P12-1 Drum Synthesis via Low-Frequency Parametric Modes and Altered Residuals—Haiying Xia, CCRMA, Stanford University - Stanford, CA, USA; Electrical Engineering, Stanford University - Standford, CA, USA; Julius O. Smith, III, Stanford University - Stanford, CA, USA
Techniques are proposed for drum synthesis using a two-band source-filter model. A Butterworth lowpass/highpass band-split is used to separate a recorded “high tom" drum hit into low and high bands. The low band, containing the most salient modes of vibration, is downsampled and Poisson-windowed to accelerate its decay and facilitate mode extraction. A weighted equation-error method is used to fit an all-pole model—the “modal model”—to the first five modes of the low band in the case of the high tom. The modal model is removed from the low band by inverse filtering, and the resulting residual is taken as a starting point for excitation modeling in the low band. For the high band, low-order linear prediction (LP) is used to model the spectral envelope. The bands are resynthesized by feeding the residual signals to their respective all-pole forward filters, upsampling the low band, and summing. The modal model can be modulated to obtain the sound of different drums and other effects. The residuals can be altered to obtain the effects of different striking locations and striker materials.
Convention Paper 8762 (Purchase now)
P12-2 Drum Pattern Humanization Using a Recursive Bayesian Framework—Ryan Stables, Birmingham City University - Birmingham, UK; Cham Athwal, Birmingham City University - Birmingham, UK; Rob Cade, Birmingham City University - Birmingham, UK
In this study we discuss some of the limitations of Gaussian humanization and consider ways in which the articulation patterns exhibited by percussionists can be emulated using a probabilistic model. Prior and likelihood functions are derived from a dataset of professional drummers to create a series of empirical distributions. These are then used to independently modulate the onset locations and amplitudes of a quantized sequence, using a recursive Bayesian framework. Finally, we evaluate the performance of the model against sequences created with a Gaussian humanizer and sequences created with a Hidden Markov Model (HMM) using paired listening tests. We are able to demonstrate that probabilistic models perform better than instantaneous Gaussian models, when evaluated using a 4/4 rock beat at 120 bpm.

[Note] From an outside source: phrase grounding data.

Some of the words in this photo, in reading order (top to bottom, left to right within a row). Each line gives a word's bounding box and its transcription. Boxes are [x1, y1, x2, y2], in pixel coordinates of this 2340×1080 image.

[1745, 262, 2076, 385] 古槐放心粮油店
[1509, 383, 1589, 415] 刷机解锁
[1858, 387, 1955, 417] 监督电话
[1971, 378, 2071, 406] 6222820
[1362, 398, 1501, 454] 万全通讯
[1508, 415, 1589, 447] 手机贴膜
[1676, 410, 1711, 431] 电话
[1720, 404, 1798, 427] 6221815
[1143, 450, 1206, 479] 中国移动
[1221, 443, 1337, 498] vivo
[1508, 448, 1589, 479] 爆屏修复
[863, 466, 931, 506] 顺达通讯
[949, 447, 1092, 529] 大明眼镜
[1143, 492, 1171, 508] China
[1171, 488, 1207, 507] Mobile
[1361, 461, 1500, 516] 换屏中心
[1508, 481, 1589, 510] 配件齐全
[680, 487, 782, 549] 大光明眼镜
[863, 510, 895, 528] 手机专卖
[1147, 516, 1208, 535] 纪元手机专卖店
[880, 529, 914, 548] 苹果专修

Convention Paper 8763 (Purchase now)
P12-3 Procedural Audio Modeling for Particle-Based Environmental Effects—Charles Verron, REVES-INRIA - Sophia-Antipolis, France; George Drettakis, REVES/INRIA Sophia-Antipolis - Sophia-Antipolis, France
We present a sound synthesizer dedicated to particle-based environmental effects, for use in interactive virtual environments. The synthesis engine is based on five physically-inspired basic elements (that we call sound atoms) that can be parameterized and stochastically distributed in time and space. Based on this set of atomic elements, models are presented for reproducing several environmental sound sources. Compared to pre-recorded sound samples, procedural synthesis provides extra flexibility to manipulate and control the sound source properties with physically-inspired parameters. In this paper the controls are used simultaneously to modify particle-based graphical models, resulting in synchronous audio/graphics environmental effects. The approach is illustrated with three models that are commonly used in video games: fire, wind, and rain. The physically-inspired controls simultaneously drive graphical parameters (e.g., distribution of particles, average particles velocity) and sound parameters (e.g., distribution of sound atoms, spectral modifications). The joint audio/graphics control results in a tightly-coupled interaction between the two modalities that enhances the naturalness of the scene.

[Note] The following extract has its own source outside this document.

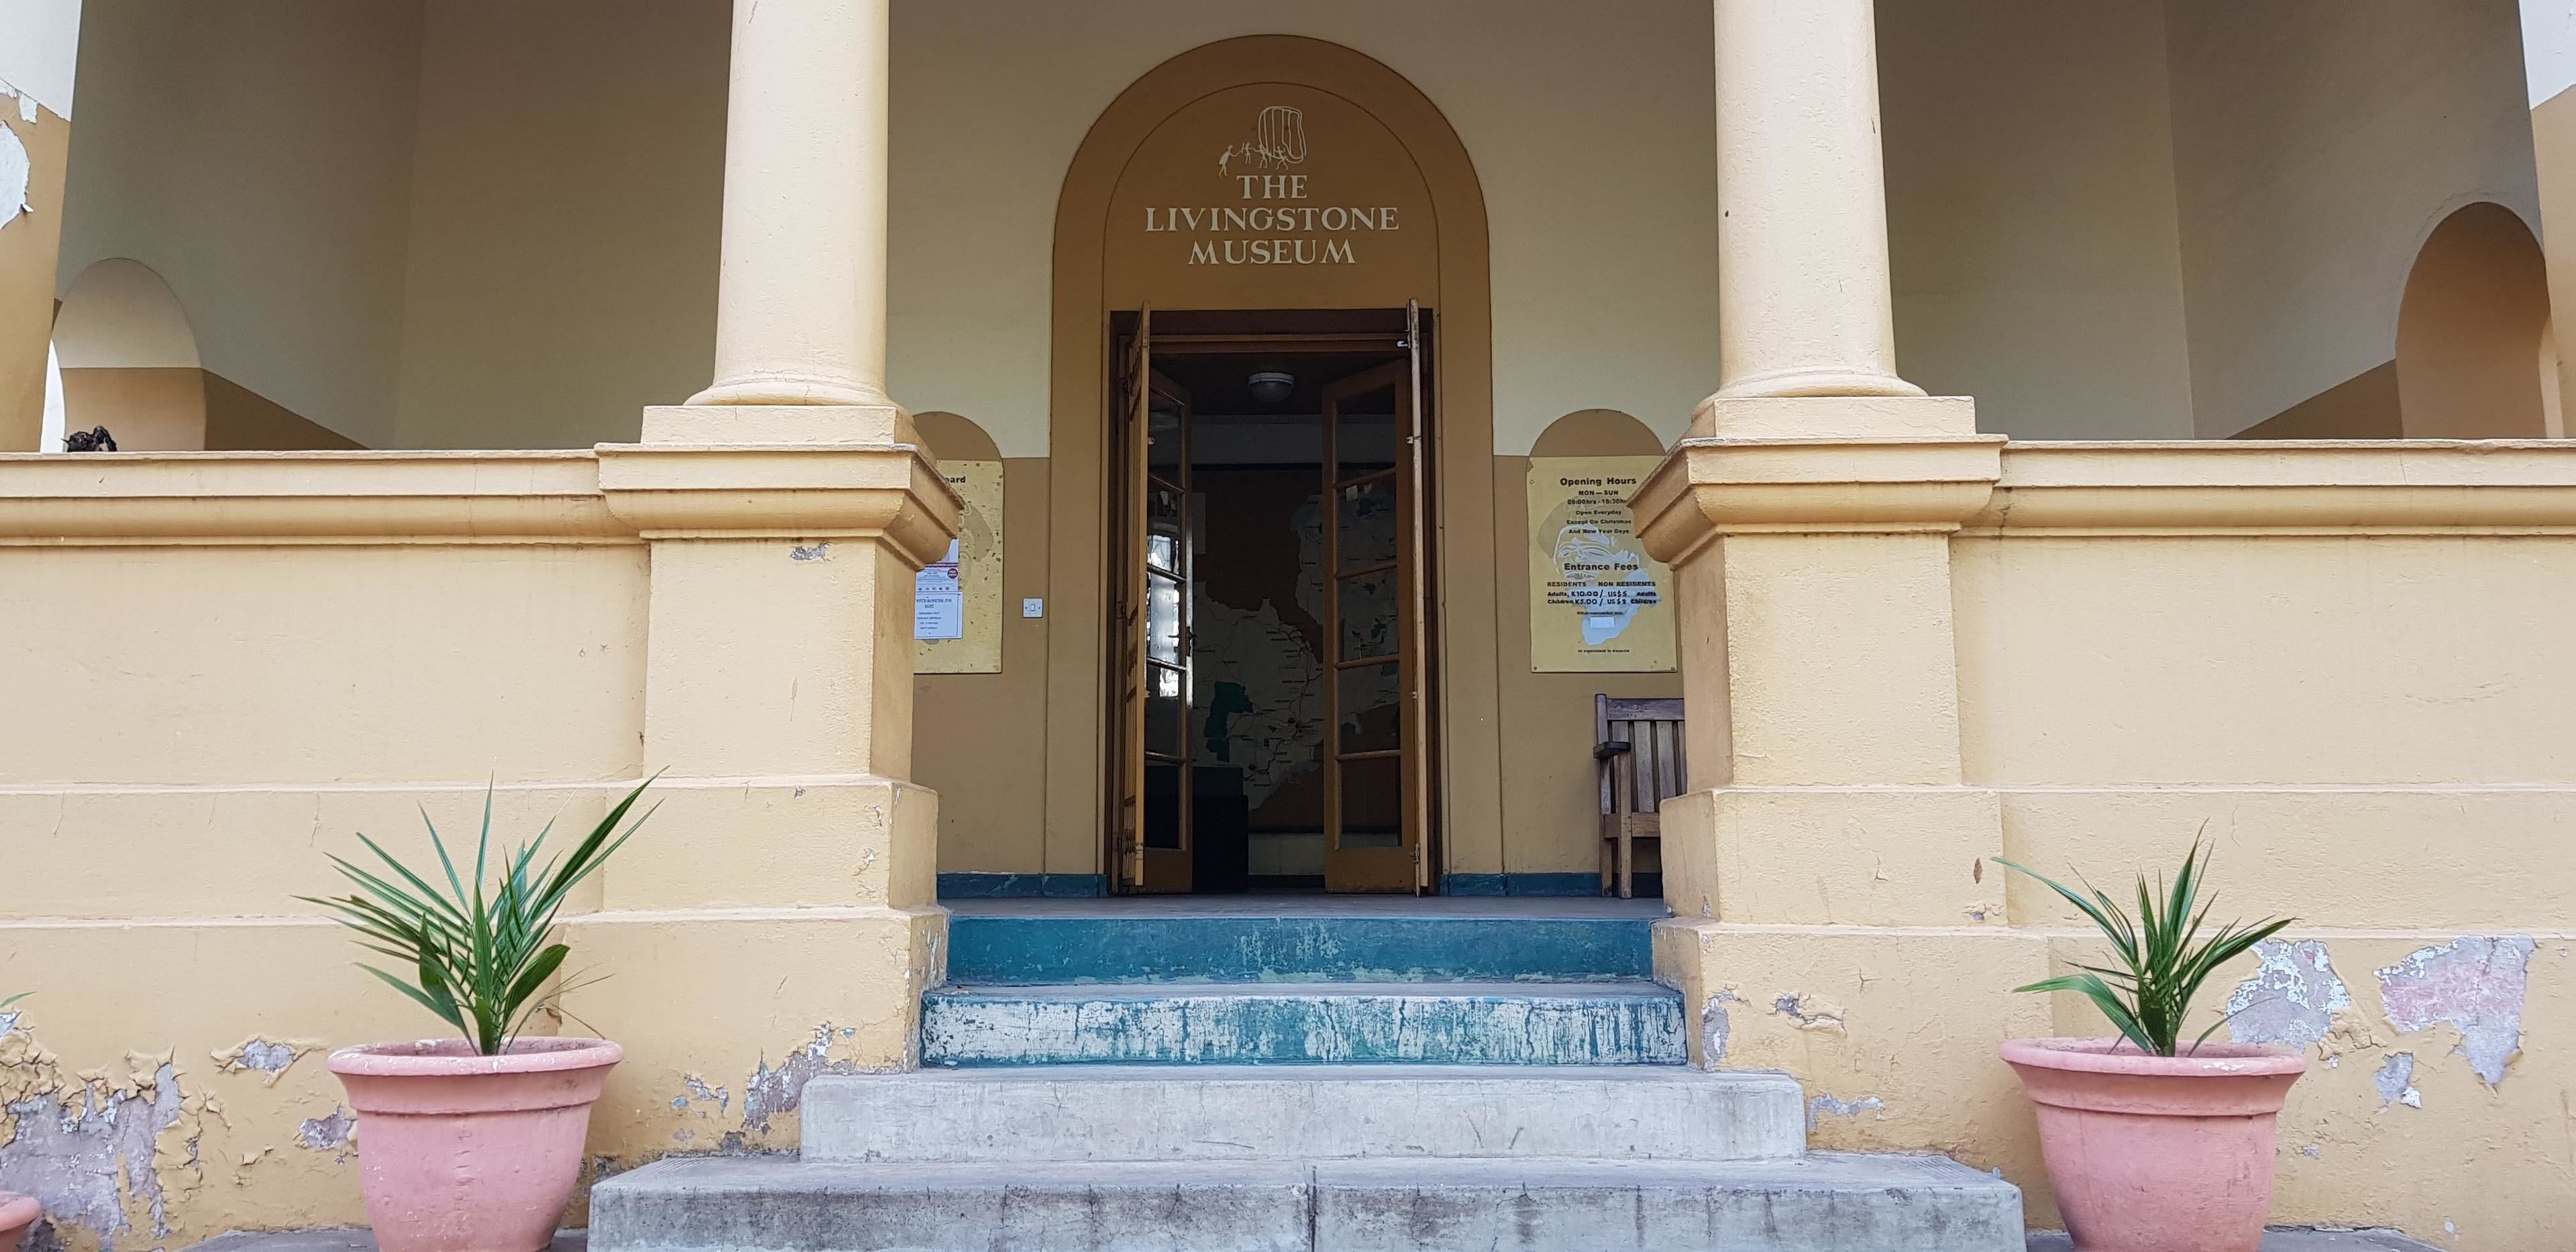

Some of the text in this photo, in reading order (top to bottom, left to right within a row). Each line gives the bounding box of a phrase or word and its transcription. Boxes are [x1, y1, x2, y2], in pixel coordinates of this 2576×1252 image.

[1236, 174, 1309, 199] THE
[1144, 206, 1399, 232] LIVINGSTONE
[1187, 238, 1356, 265] MUSEUM
[1560, 477, 1602, 486] Opening

Convention Paper 8764 (Purchase now)
P12-4 Knowledge Representation Issues in Audio-Related Metadata Model Design—György Fazekas, Queen Mary University of London - London, UK; Mark B. Sandler, Queen Mary University of London - London, UK
In order for audio applications to interoperate, some agreement on how information is structured and encoded has to be in place within developer and user communities. This agreement can take the form of an industry standard or a widely adapted open framework consisting of conceptual data models expressed using formal description languages. There are several viable approaches to conceptualize audio related metadata, and several ways to describe the conceptual models, as well as encode and exchange information. While emerging standards have already been proven invaluable in audio information management, it remains difficult to design or choose the model that is most appropriate for an application. This paper facilitates this process by providing an overview, focusing on differences in conceptual models underlying audio metadata schemata.

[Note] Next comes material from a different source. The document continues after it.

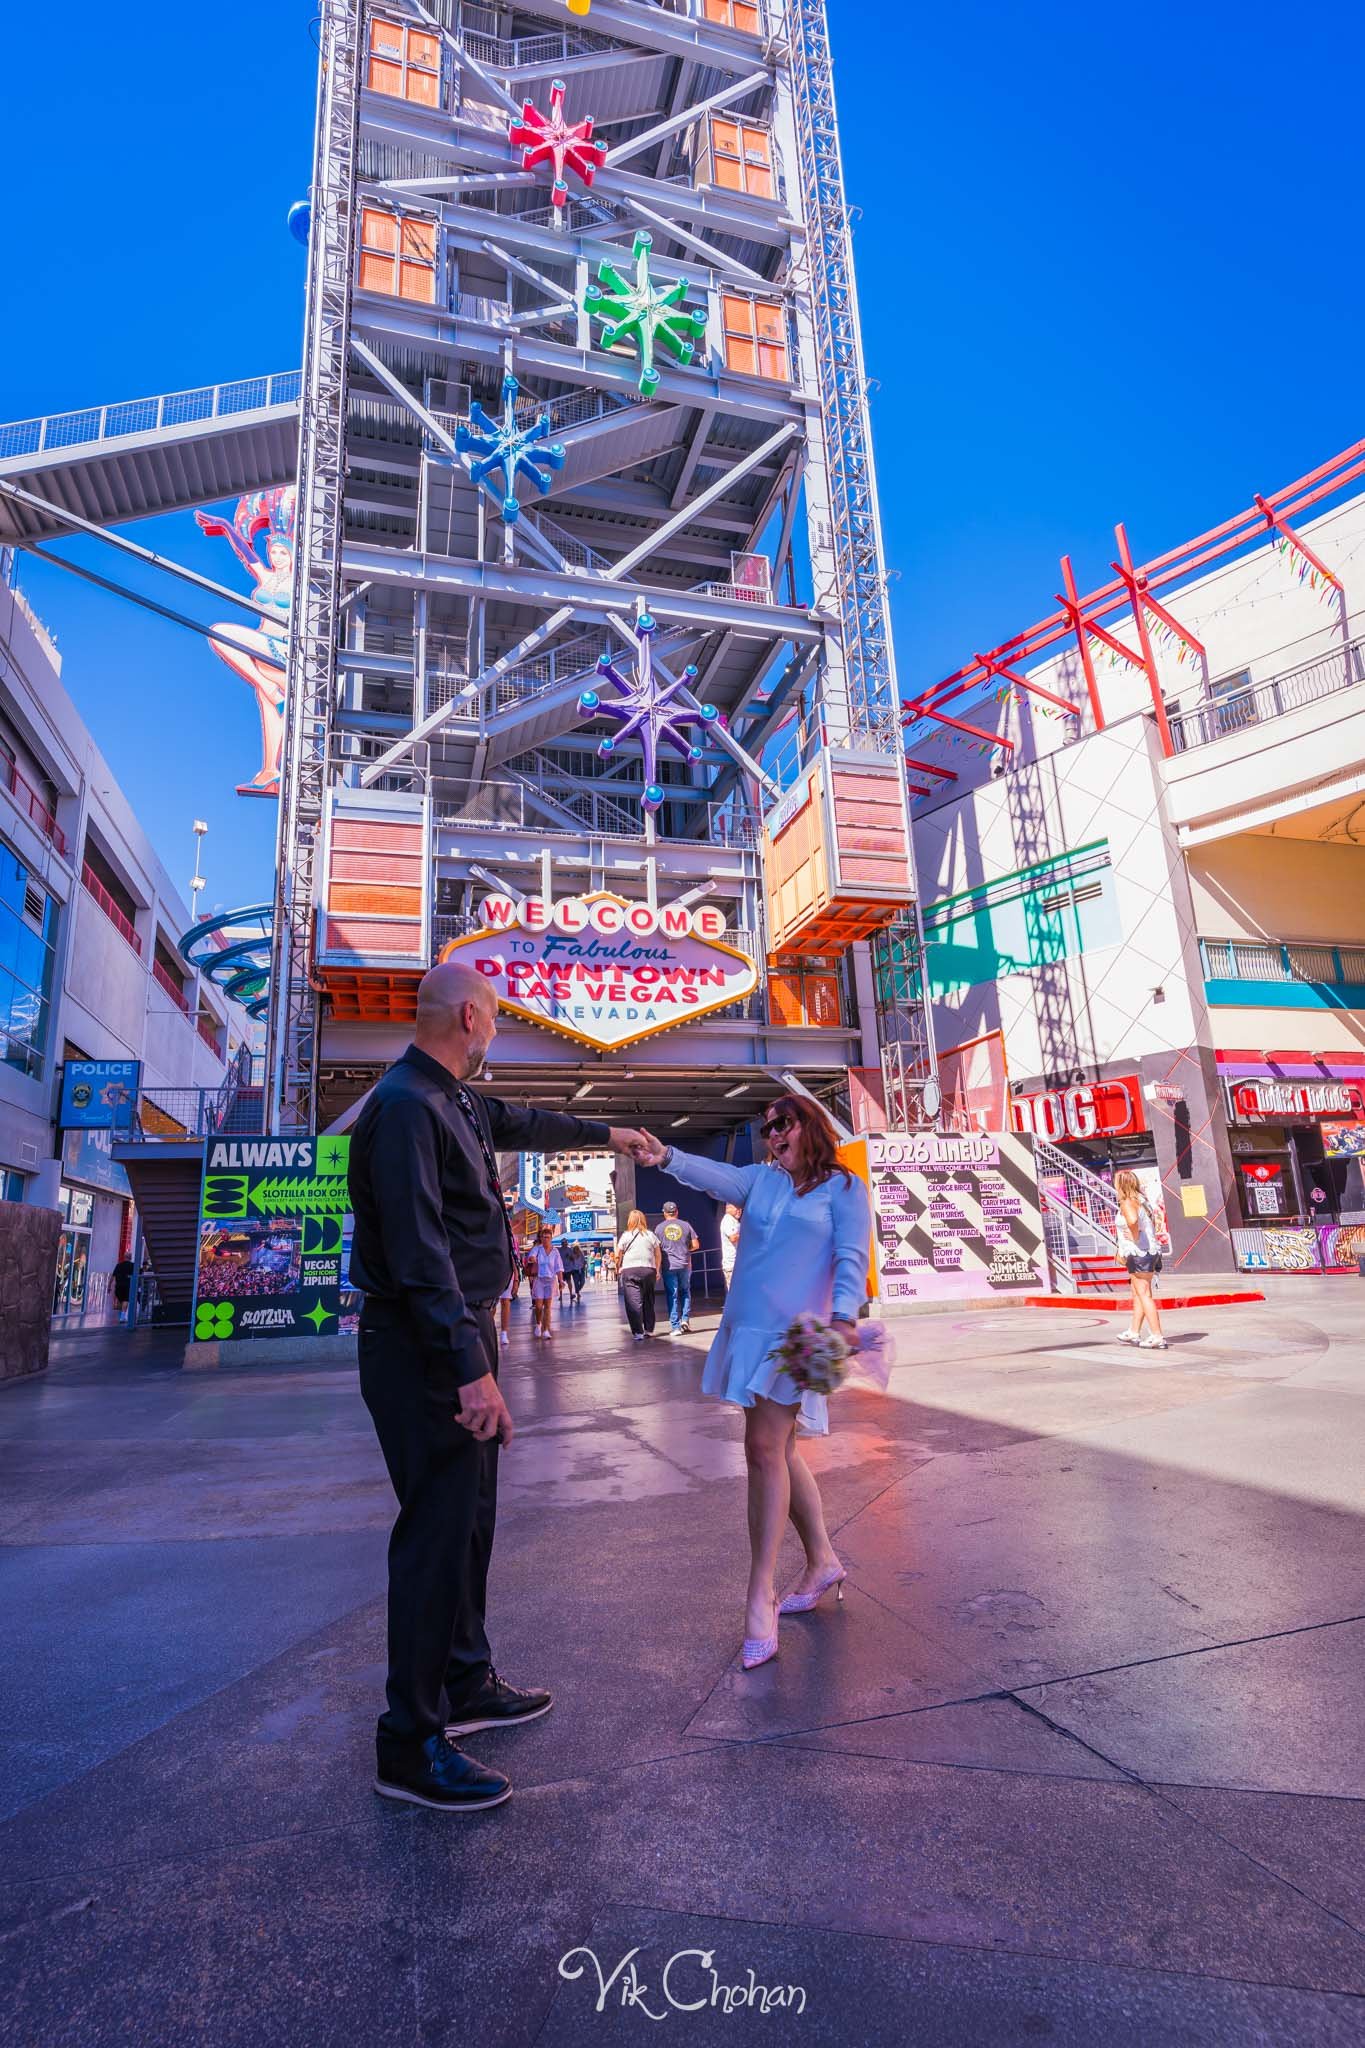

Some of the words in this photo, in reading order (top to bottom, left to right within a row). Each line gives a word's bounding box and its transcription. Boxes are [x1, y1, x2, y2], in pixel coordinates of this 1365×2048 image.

Convention Paper 8765 (Purchase now)
P12-5 High-Level Semantic Metadata for the Control of Multitrack Adaptive Digital Audio Effects—Thomas Wilmering, Queen Mary University of London - London, UK; György Fazekas, Queen Mary University of London - London, UK; Mark B. Sandler, Queen Mary University of London - London, UK
Existing adaptive digital audio effects predominantly use low-level features in order to derive control data. These data do not typically correspond to high-level musicological or semantic information about the content. In order to apply audio transformations selectively on different musical events in a multitrack project, audio engineers and music producers have to resort to manual selection or annotation of the tracks in traditional audio production environments. We propose a new class of audio effects that uses high-level semantic audio features in order to obtain control data for multitrack effects. The metadata is expressed in RDF using several music and audio related Semantic Web ontologies and retrieved using the SPARQL query language.
Convention Paper 8766 (Purchase now)
P12-6 On Accommodating Pitch Variation in Long Term Prediction of Speech and Vocals in Audio Coding—Tejaswi Nanjundaswamy, University of California, Santa Barbara - Santa Barbara, CA, USA; Kenneth Rose, University of California, Santa Barbara - Santa Barbara, CA, USA
Exploiting inter-frame redundancies is key to performance enhancement of delay constrained perceptual audio coders. The long term prediction (LTP) tool was introduced in the MPEG Advanced Audio Coding standard, especially for the low delay mode, to capitalize on the periodicity in naturally occurring sounds by identifying a segment of previously reconstructed data as prediction for the current frame. However, speech and vocal content in audio signals is well known to be quasi-periodic and involve small variations in pitch period, which compromise the LTP tool performance. The proposed approach modifies LTP by introducing a single parameter of “geometric” warping, whereby past periodicity is geometrically warped to provide an adjusted prediction for the current samples. We also propose a three-stage parameter estimation technique, where an unwarped LTP filter is first estimated to minimize the mean squared prediction error; then filter parameters are complemented with the warping parameter, and re-estimated within a small neighboring search space to retain the set of S best LTP parameters; and finally, a perceptual distortion-rate procedure is used to select from the S candidates, the parameter set that minimizes the perceptual distortion. Objective and subjective evaluations substantiate the proposed technique’s effectiveness.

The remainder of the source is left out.